The probability of picking either a yellow candy or a green candy is the sum of their individual probabilities:
$$
P(\text{yellow or green}) = P(\text{yellow}) + P(\text{green}) = \frac{6}{18} + \frac{3}{18} = \frac{9}{18} = \frac{1}{2}
$$
Answer:
$$
\boxed{\frac{1}{2}}
$$
---
7. What is the probability of picking either an orange candy or a blue candy?
The probability of picking either an orange candy or a blue candy is the sum of their individual probabilities:
$$
P(\text{orange or blue}) = P(\text{orange}) + P(\text{blue}) = \frac{5}{18} + \frac{4}{18} = \frac{9}{18} = \frac{1}{2}
$$
Answer:
$$
\boxed{\frac{1}{2}}
$$
---
8. Would it be more likely to pick an orange candy or a yellow candy?
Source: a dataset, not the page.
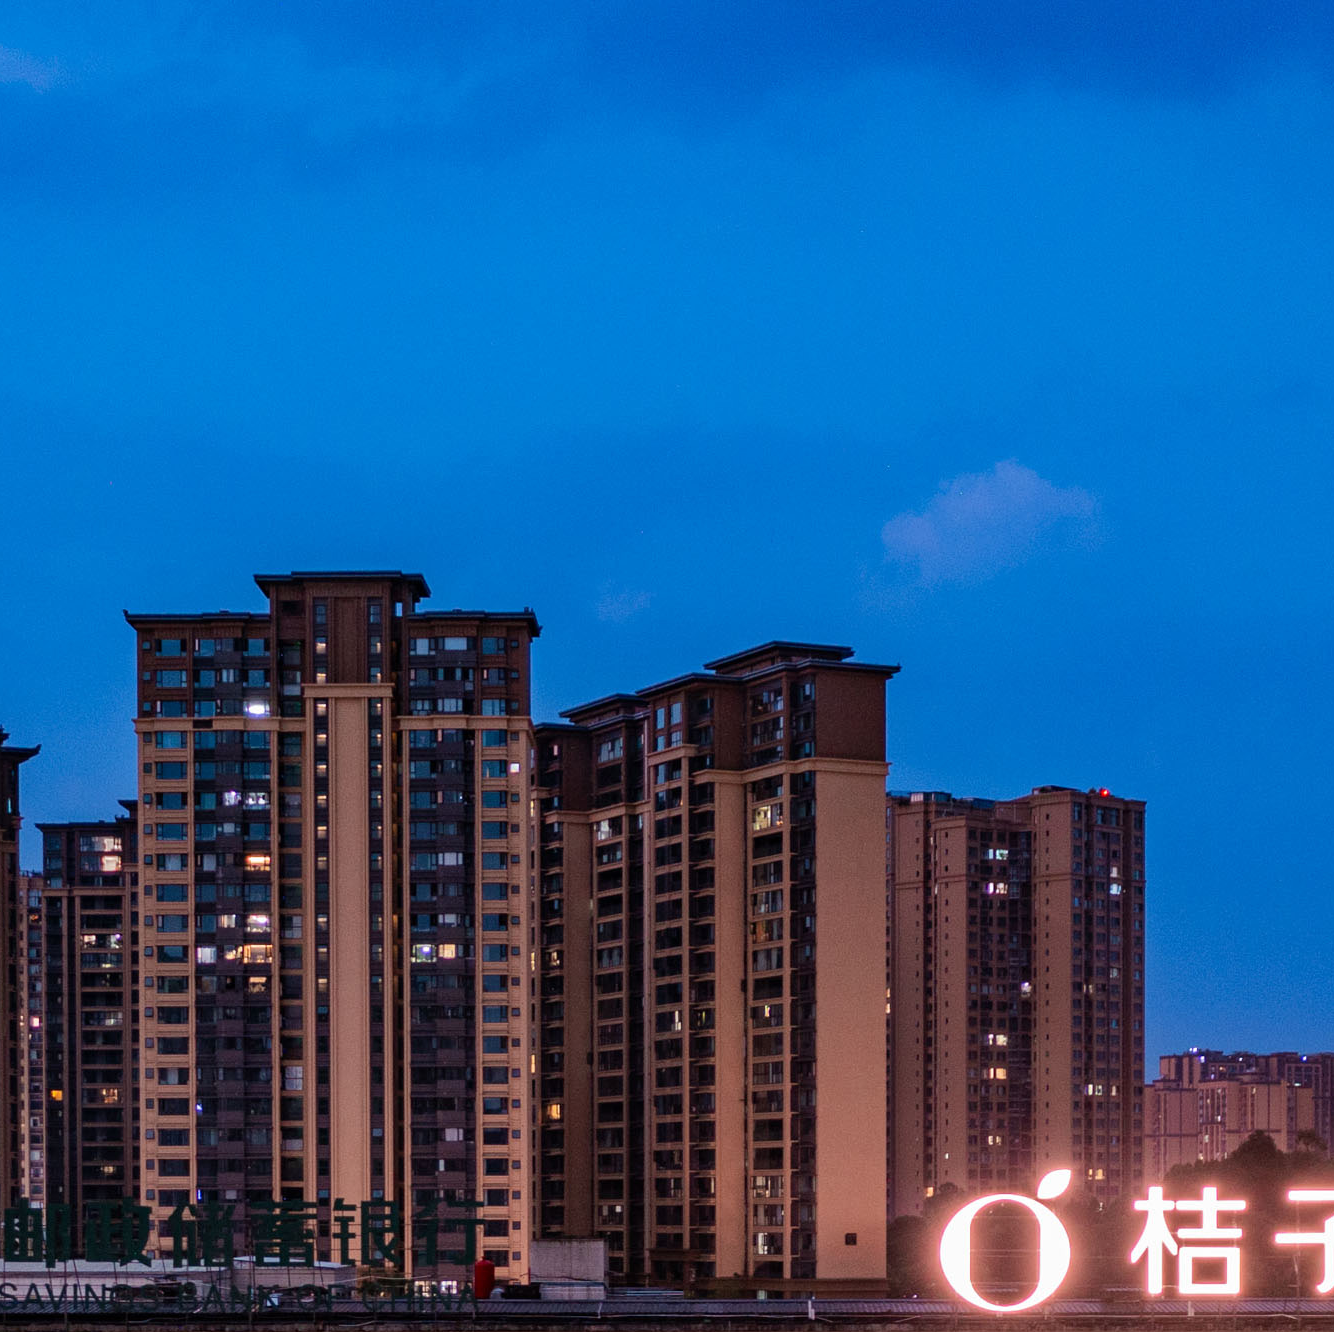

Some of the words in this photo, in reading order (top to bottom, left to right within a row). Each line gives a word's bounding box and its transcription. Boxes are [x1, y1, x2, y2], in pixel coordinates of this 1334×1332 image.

[179, 1282, 279, 1312] BANK
[297, 1283, 346, 1312] OF
[362, 1282, 478, 1312] CHINA
To determine which is more likely, we compare the probabilities of picking an orange candy and a yellow candy:
- Probability of orange: $\frac{5}{18}$
- Probability of yellow: $\frac{6}{18} = \frac{1}{3}$
Since $\frac{6}{18} > \frac{5}{18}$, it is more likely to pick a yellow candy.
Answer:
$$
\boxed{\text{yellow}}
$$
---
Final Answers:
1. $\boxed{\frac{5}{18}}$
2. $\boxed{\frac{1}{3}}$
3. $\boxed{\frac{2}{9}}$
4. $\boxed{\frac{1}{6}}$
5. $\boxed{\text{green}}$
6. $\boxed{\frac{1}{2}}$
7. $\boxed{\frac{1}{2}}$
8. $\boxed{\text{yellow}}$
Parent Tip: Review the logic above to help your child master the concept of probability grade 6 worksheet.